4. 4. Se incorporan las piezas mecánicas de la base. Primero el motor que hace
que el brazo gire, después el engranaje que va en el mango vertical que sujeta
al brazo robótico levantado, a la altura del hombro del brazo se instala un
dispositivo de 4 poleas, cada una consta de 2 ruedas de plástico de ejes
separados con una correa de goma colocada entre ellas, como un perchero
giratoria. Cada junta del brazo robótico esta programada para hacer una serie
de movimientos específicos.
5. Se inserta un cable eléctrico que une el prensor con el hombro, en una
circuito situado en el hombro después se atornilla todo el brazo a la base, se
conectan los circuitos de la base a los motores del hombro. Para hacerlo deben
agruparse los cables 48 en total y se insertan a través del mango acoplado a la
base del brazo. Una vez conectado todo se ajustan y se comprueban los
granajes y las poleas para ver si todo funciona bien.
5. 6. Ahora puede instalarse el prensor, la palanca y el dispositivo que los
hace funcionar. Ahora se acopla el prensor ya montado al antebrazo
conectado el motor a un circuito que ya se ha instalado previamente.
7. Se conectan los cables de los 6 motores en el circuito principal que
después se instala en la trasera de la base.
8. El cerebro que activa el brazo es una unidad independiente, controla
todo lo que esta conectado al circuito para mover el robot del
ordenador instalado adentro del controlador activa los motores
necesarios, puede controlar 8 motores, 6 del robot y 2 accesorios
opcionales y se puede programar para que haga distintas tareas.

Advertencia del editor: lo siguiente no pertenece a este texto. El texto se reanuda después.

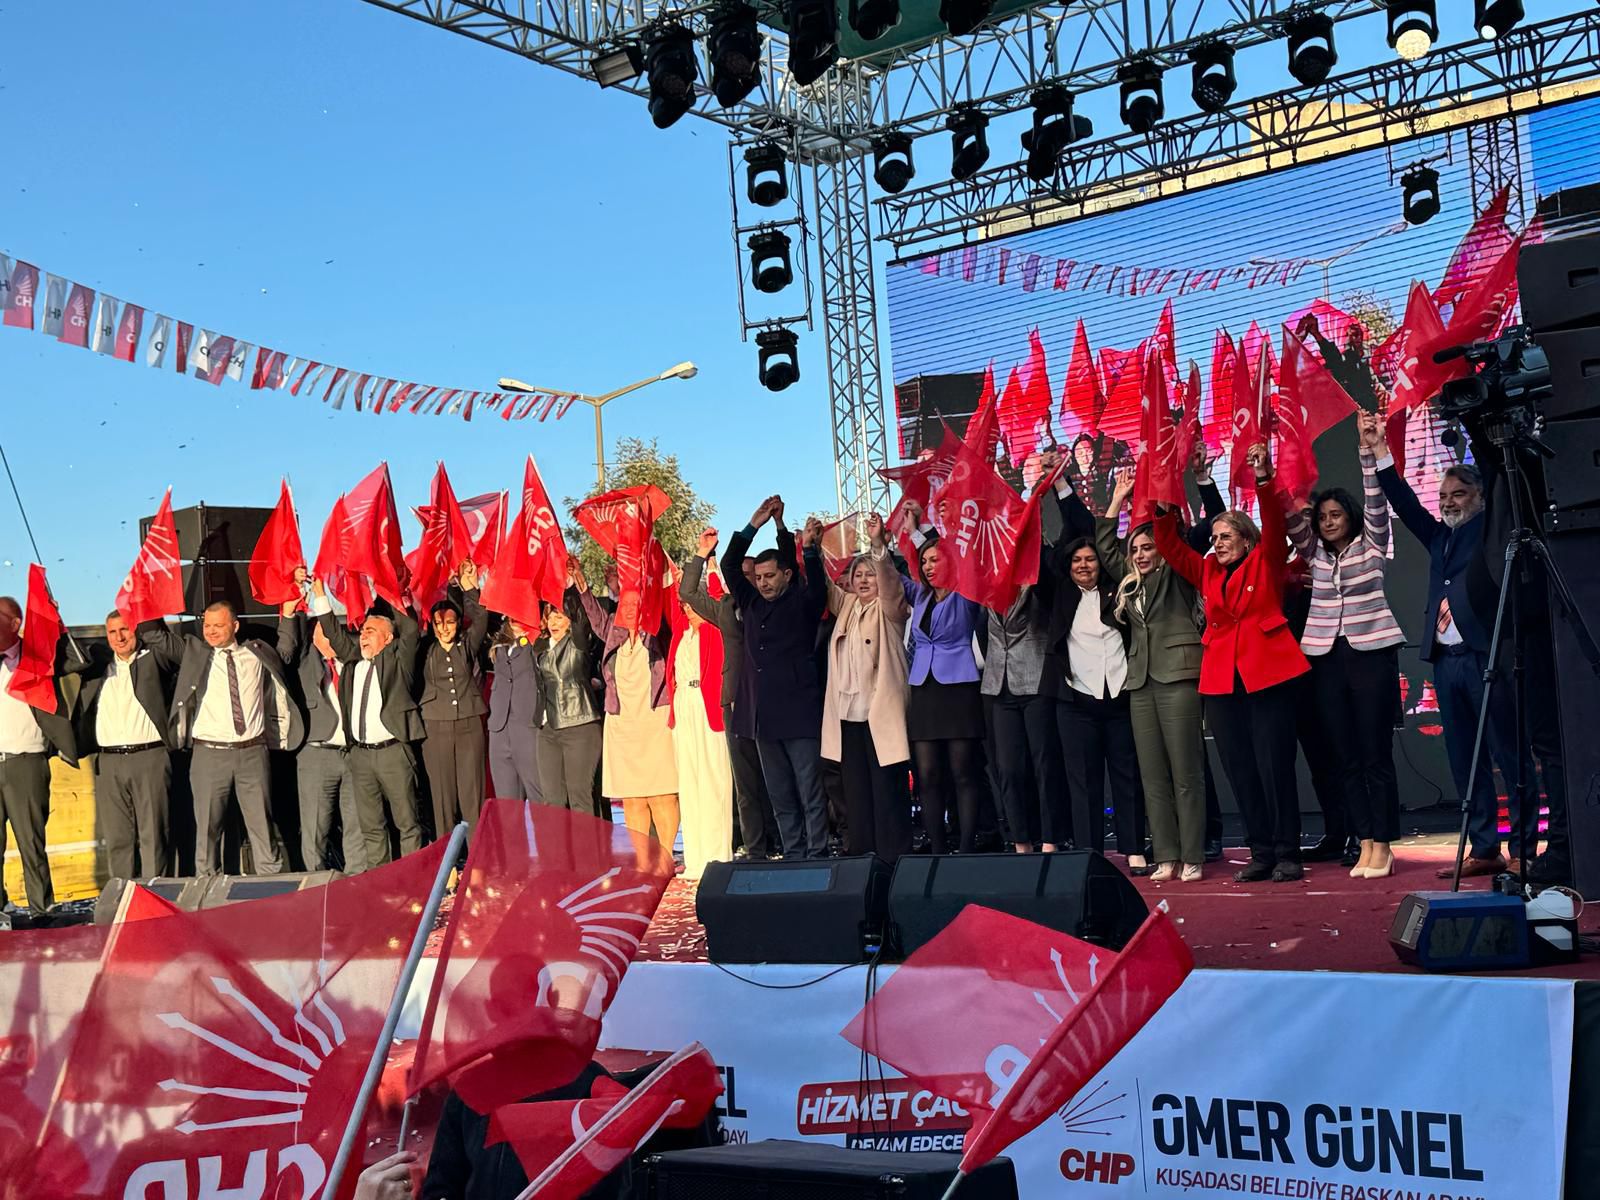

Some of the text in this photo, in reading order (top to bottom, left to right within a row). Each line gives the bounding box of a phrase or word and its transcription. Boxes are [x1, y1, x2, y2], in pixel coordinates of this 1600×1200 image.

6. ¿Qué herramientas y materiales hay que
utilizar?
El material utilizado puede ser el aluminio, por su ligereza y fácil manejo, nos
apoyamos de un taller de soldadura con extensa maquinaria (plasmas, fresadoras
CNC, tornos, taladros, dobladoras, máquinas de soldar, etc.) para poder llevar a cabo
la fabricación acorde al diseño de las piezas, se puede comparar el ensamble virtual
del diseño con el resultado obtenido de la construcción
7. ¿Por qué crees que se utilizaron esos
materiales?.
Porque son los establecidos para su construcción , y
así obtener el funcionamiento deseado con la
maquinaria diseñada para esto.
8. ¿ Qué ventajas tiene ese material
frente a otros materiales posibles?.
Son mas ligeros y fáciles de manejar y éstos
soportan el diseño establecido.
9. ¿Puede el objeto alterar en determinadas
ocasiones las condiciones ambientales?.
Al crear el artefacto, se funde un metal que
produce C02, que contamina el ambiente
10. ¿El objeto cumple las normas establecidas?
Para cada articulación del brazo robótico se necesita un motor paso
a paso.
El voltaje que se necesita para poder accionar uno de estos motores
puede variar.
Debe existir un sistema de interfaz con varios circuitos y
compuertas electrónicas.
El control efectivo de un motor paso a paso depende de la
capacidad del sistema electrónico de conmutación.